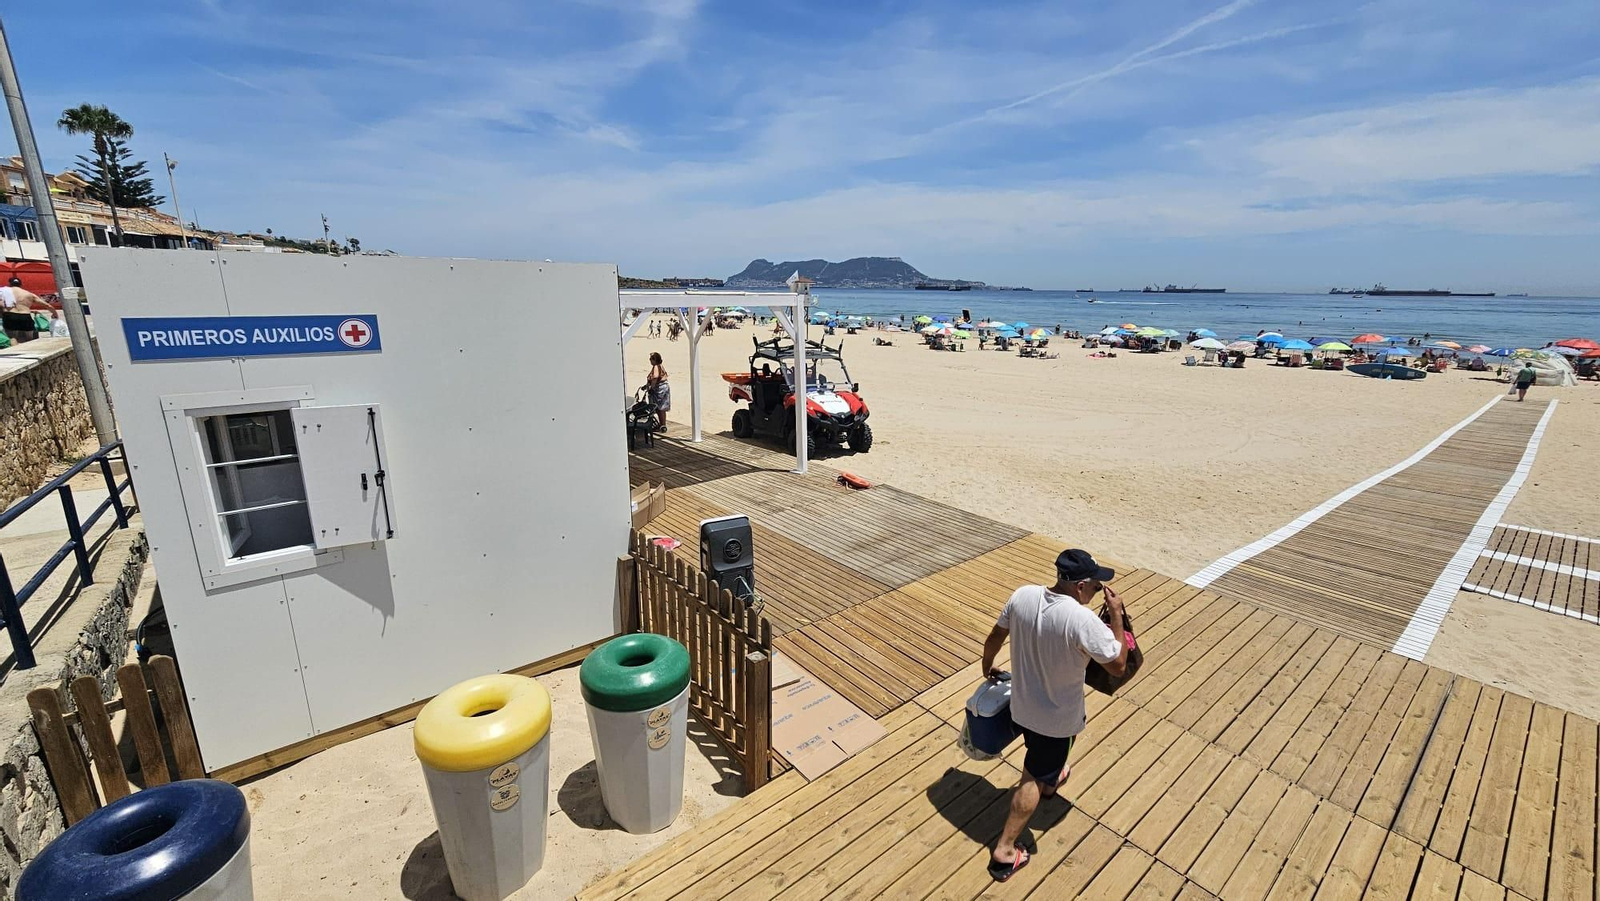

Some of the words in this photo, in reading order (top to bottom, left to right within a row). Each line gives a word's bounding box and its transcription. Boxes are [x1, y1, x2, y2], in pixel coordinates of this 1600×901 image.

[138, 328, 248, 347] PRIMEROS
[252, 327, 335, 344] AUXILIOS
[492, 771, 518, 784] PLAYAS
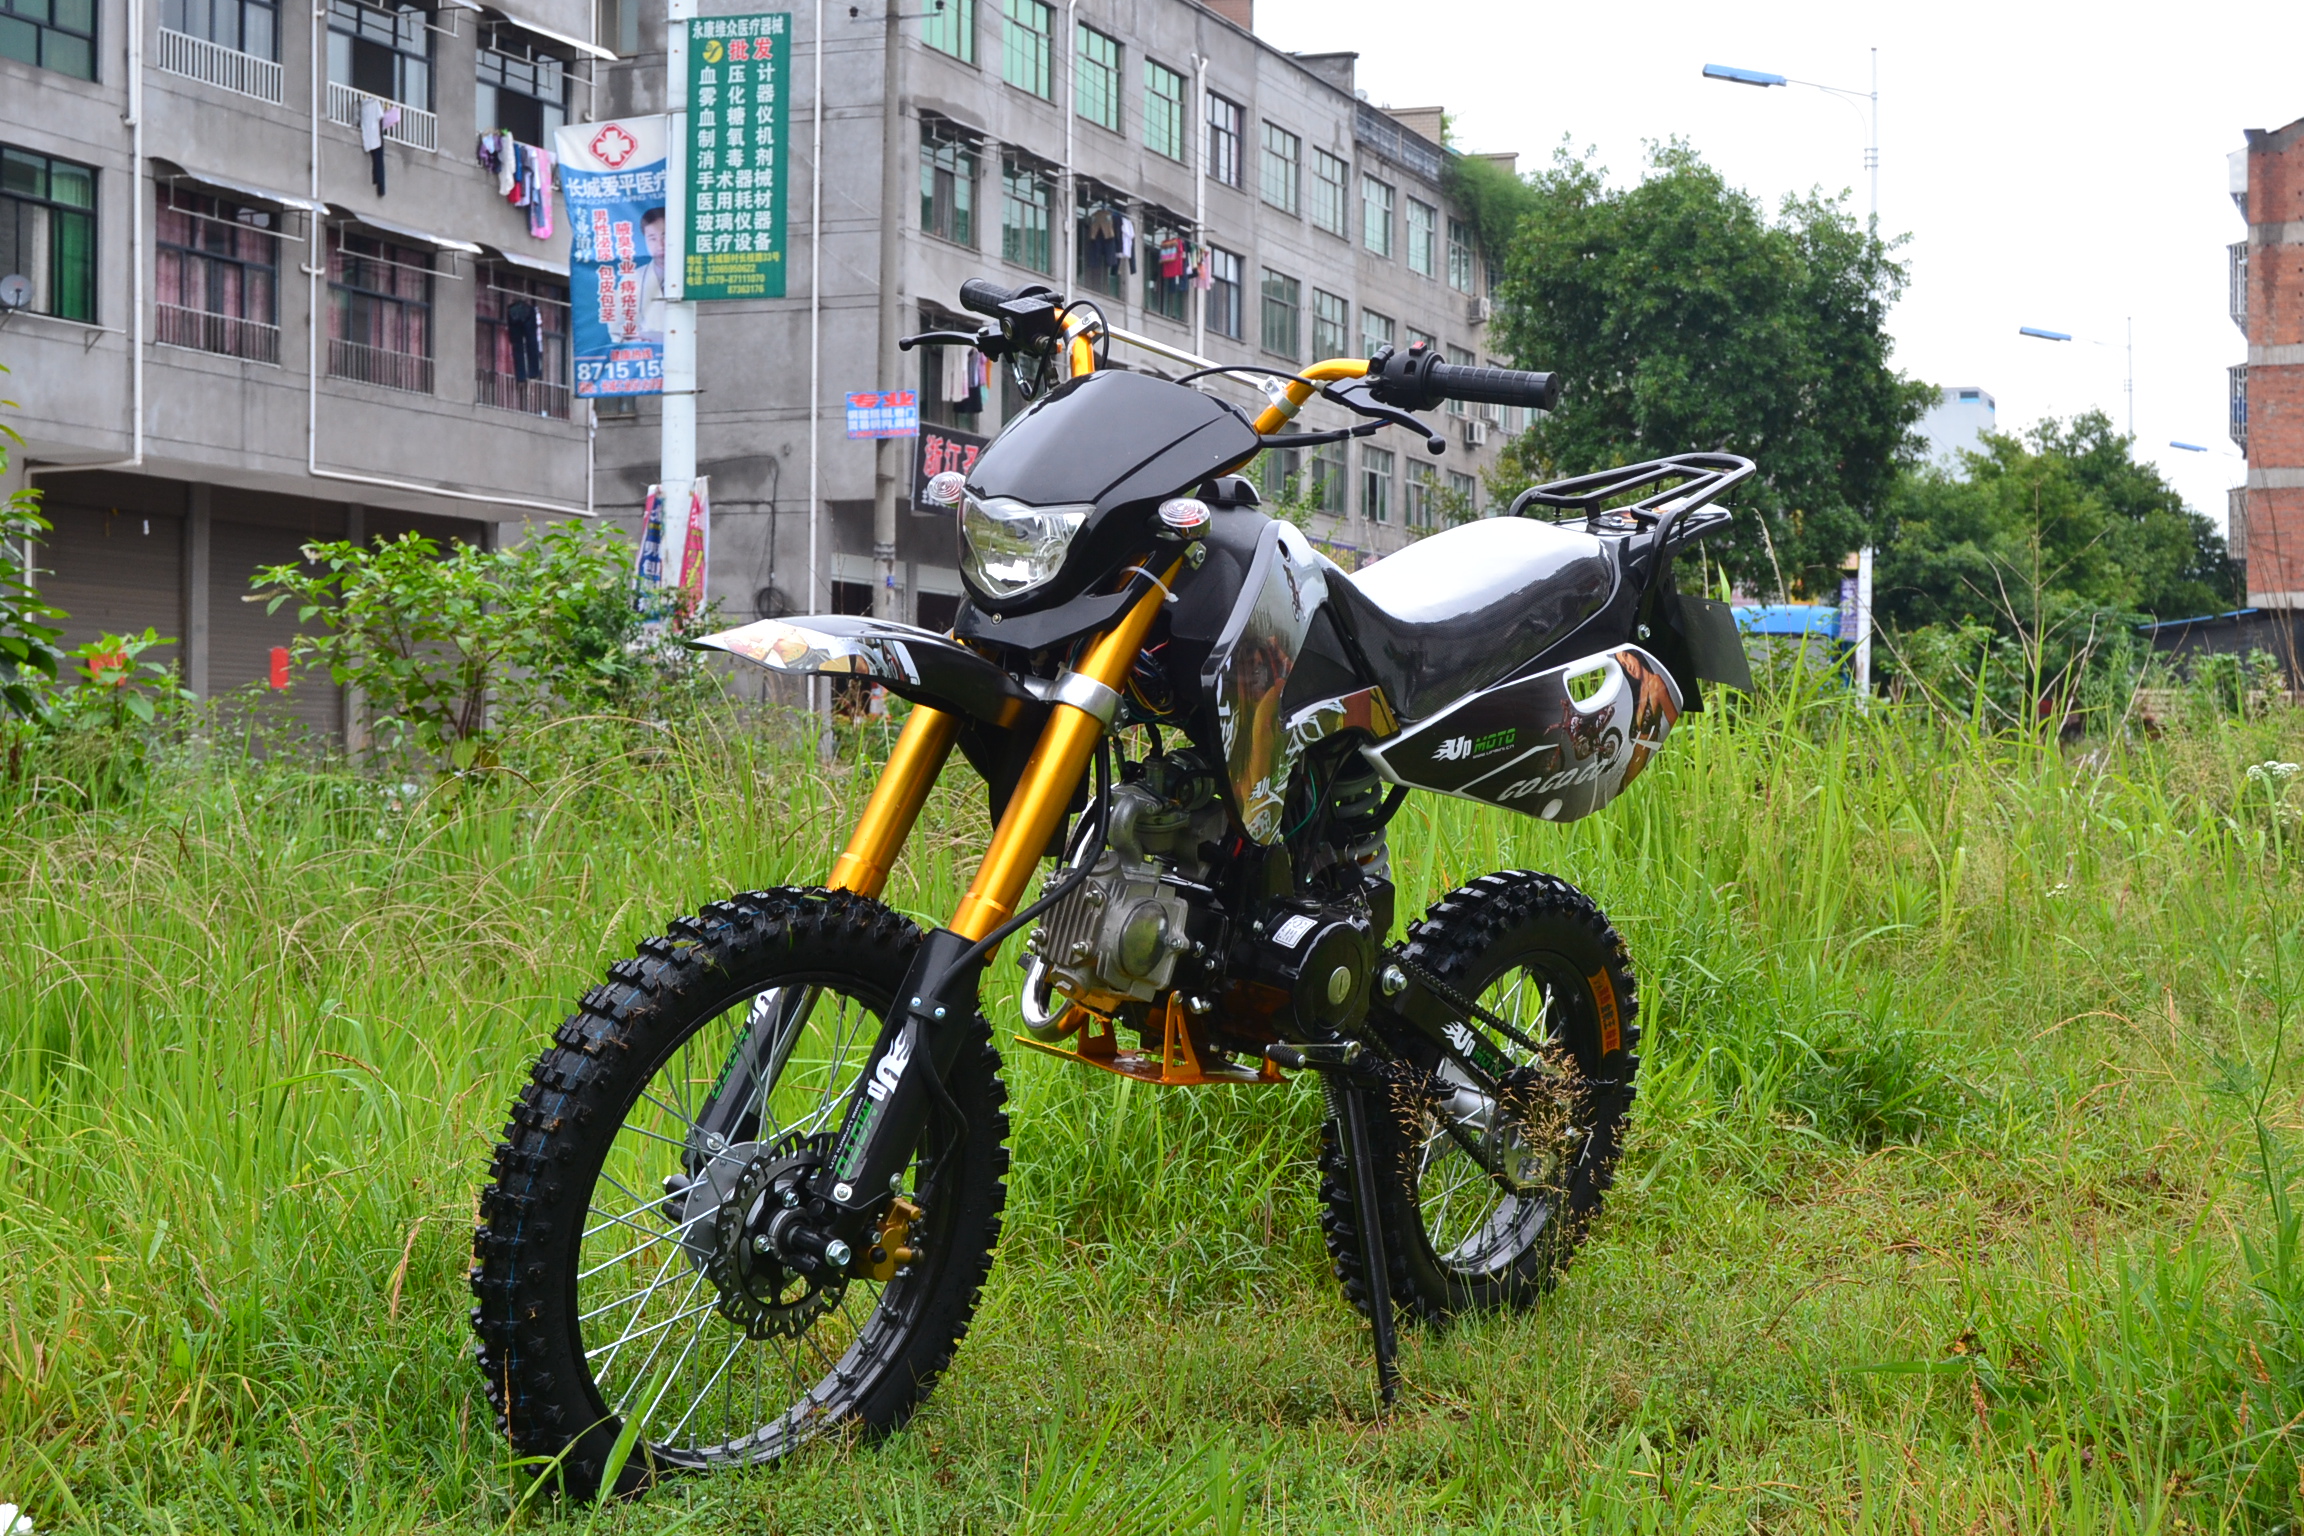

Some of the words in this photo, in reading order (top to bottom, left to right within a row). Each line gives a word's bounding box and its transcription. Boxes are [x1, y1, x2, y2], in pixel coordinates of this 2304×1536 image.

[692, 15, 784, 39] 永康维众医疗器械
[727, 37, 774, 61] 批发
[698, 62, 776, 85] 血压计
[698, 84, 775, 107] 雾化器
[697, 105, 774, 128] 血糖仪
[697, 126, 774, 148] 制氧机
[697, 147, 773, 169] 消毒剂
[696, 169, 773, 191] 手术器械
[696, 189, 773, 212] 医用耗材
[695, 210, 773, 233] 玻璃仪器
[592, 208, 615, 262] 男性泌尿
[695, 231, 773, 254] 医疗设备
[596, 265, 617, 324] 包皮包茎
[577, 361, 629, 381] 8715
[1473, 727, 1517, 753] MOTO
[834, 1101, 878, 1180] MOTO

++++++++

**EXERCISE REQUIREMENTS**
Your answer must be the line that contains "this 2304×1536 image." and every line after it to the end of the records, reproduced exactly.

**RESULT OF THE EXERCISE**
Some of the words in this photo, in reading order (top to bottom, left to right within a row). Each line gives a word's bounding box and its transcription. Boxes are [x1, y1, x2, y2], in pixel coordinates of this 2304×1536 image.

[692, 15, 784, 39] 永康维众医疗器械
[727, 37, 774, 61] 批发
[698, 62, 776, 85] 血压计
[698, 84, 775, 107] 雾化器
[697, 105, 774, 128] 血糖仪
[697, 126, 774, 148] 制氧机
[697, 147, 773, 169] 消毒剂
[696, 169, 773, 191] 手术器械
[696, 189, 773, 212] 医用耗材
[695, 210, 773, 233] 玻璃仪器
[592, 208, 615, 262] 男性泌尿
[695, 231, 773, 254] 医疗设备
[596, 265, 617, 324] 包皮包茎
[577, 361, 629, 381] 8715
[1473, 727, 1517, 753] MOTO
[834, 1101, 878, 1180] MOTO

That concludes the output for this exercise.